In terms of where I might draw from for this piece, I think its use of sound and sound design, as triggers could be very beneficial, as could its concentration of the shame and trauma that surrounds all the players, not just the big obvious one. The movie is not bad. It does what it sets out to do, and it does so with some very fine actors leading the film and narrative. The design of the piece is mostly unimaginative, using chronological narrative, and leaving the audience mostly outside the mind of its lead character with PTSD. 
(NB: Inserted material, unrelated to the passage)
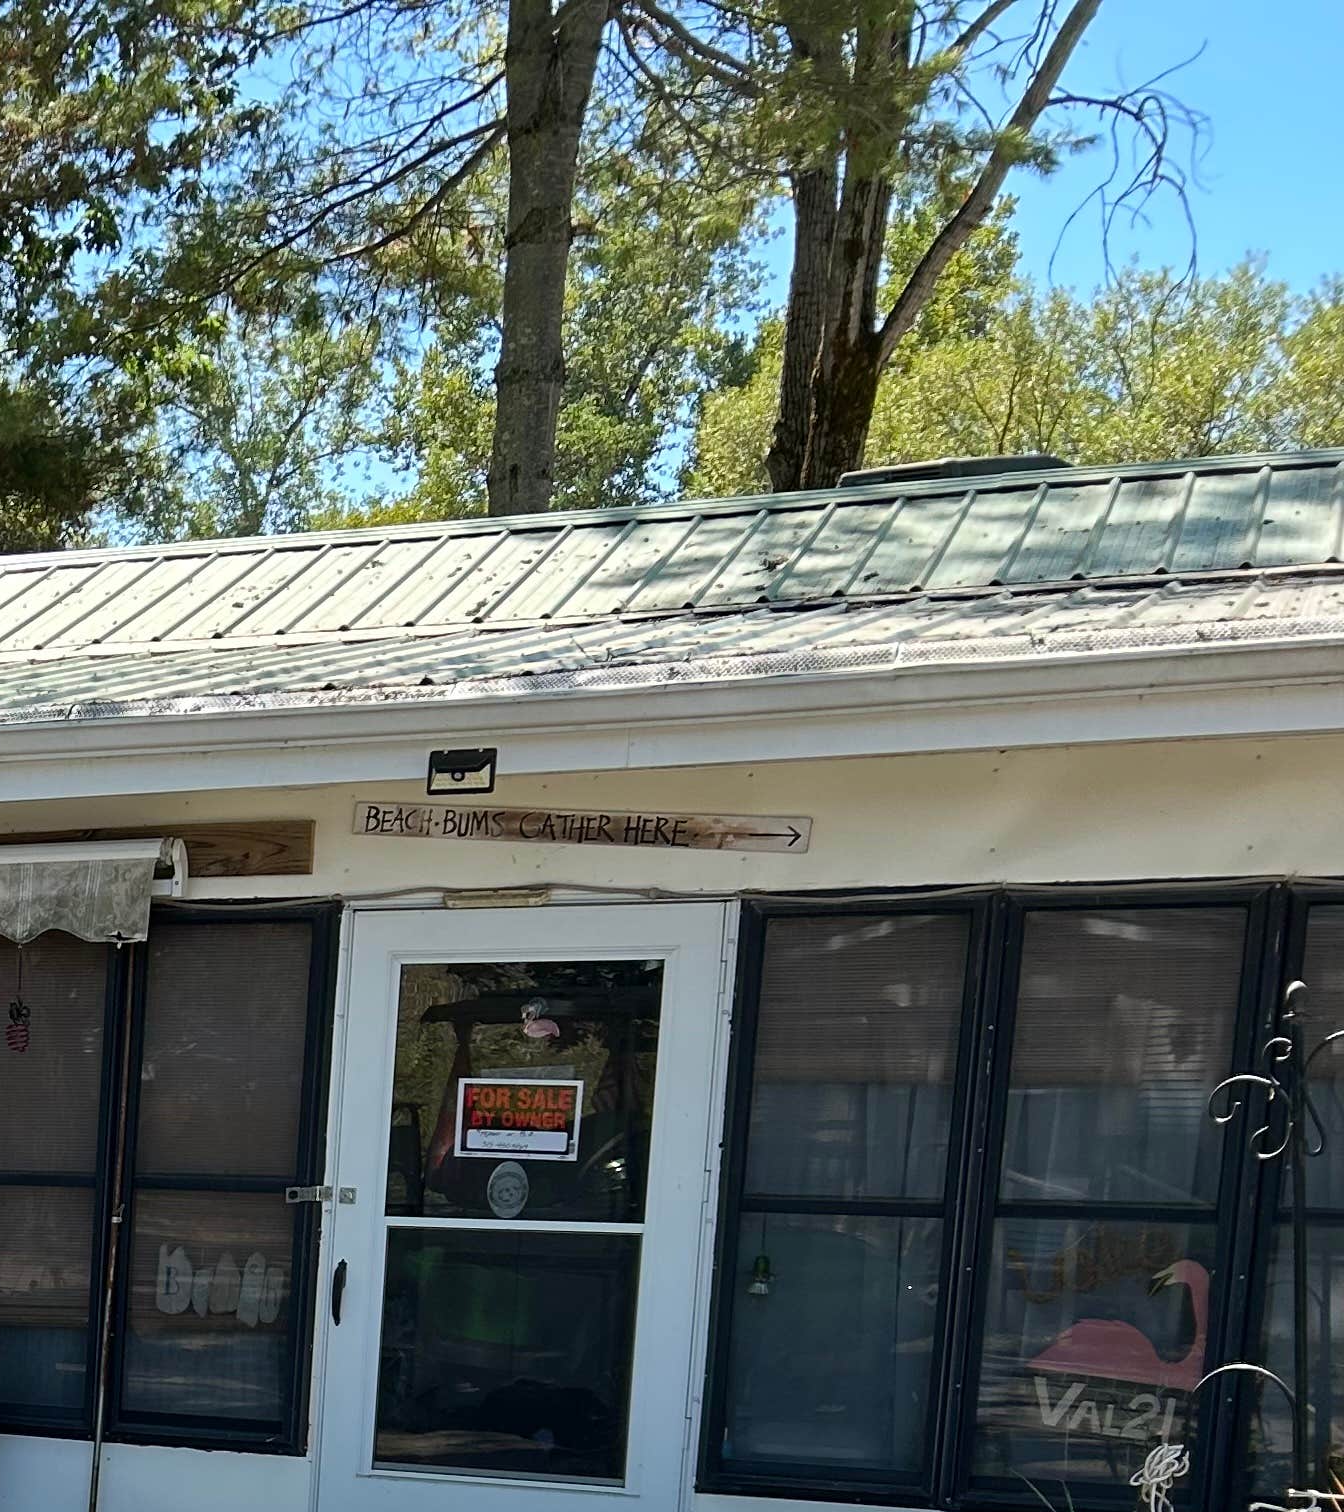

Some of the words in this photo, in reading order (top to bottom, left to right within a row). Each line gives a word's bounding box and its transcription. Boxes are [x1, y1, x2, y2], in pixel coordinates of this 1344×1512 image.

This is where I differ the most in my own work, and where I think the weakness of the film lies: By not letting us experience Sam's trauma with him, at the end of the day we see a movie about a man who goes to war, gets PTSD and goes insane. While not entirely irredeemable, there is a certain pessimism from the piece about whether someone with trauma can ever go on to live a normal life. There is no attention paid to therapy, and in certain scenes it is even treated as a joke; the date that Tommy brings to his niece's birthday is treated as an air-headed bimbo who could never understand the veteran experience, even when she talks about how she thinks all veterans should have access to therapy. All of this is in spite of the fact that she is in nursing school. Sam himself tries to go back to Afghanistan immediately, and there is only a cursory mention of Sam having gone to any therapy session. We never see one on camera. It becomes very difficult, if not impossible, to empathize with Sam, and by the end I truly found myself asking why on earth Natalie Portman's character would willingly stay with him when his well adjusted, normal and sane, brother, Jake Gyllenhaal was right there waiting in the wings. The film failed to humanize the experience, even if it helped show the damaging effects trauma can have on families and the mind.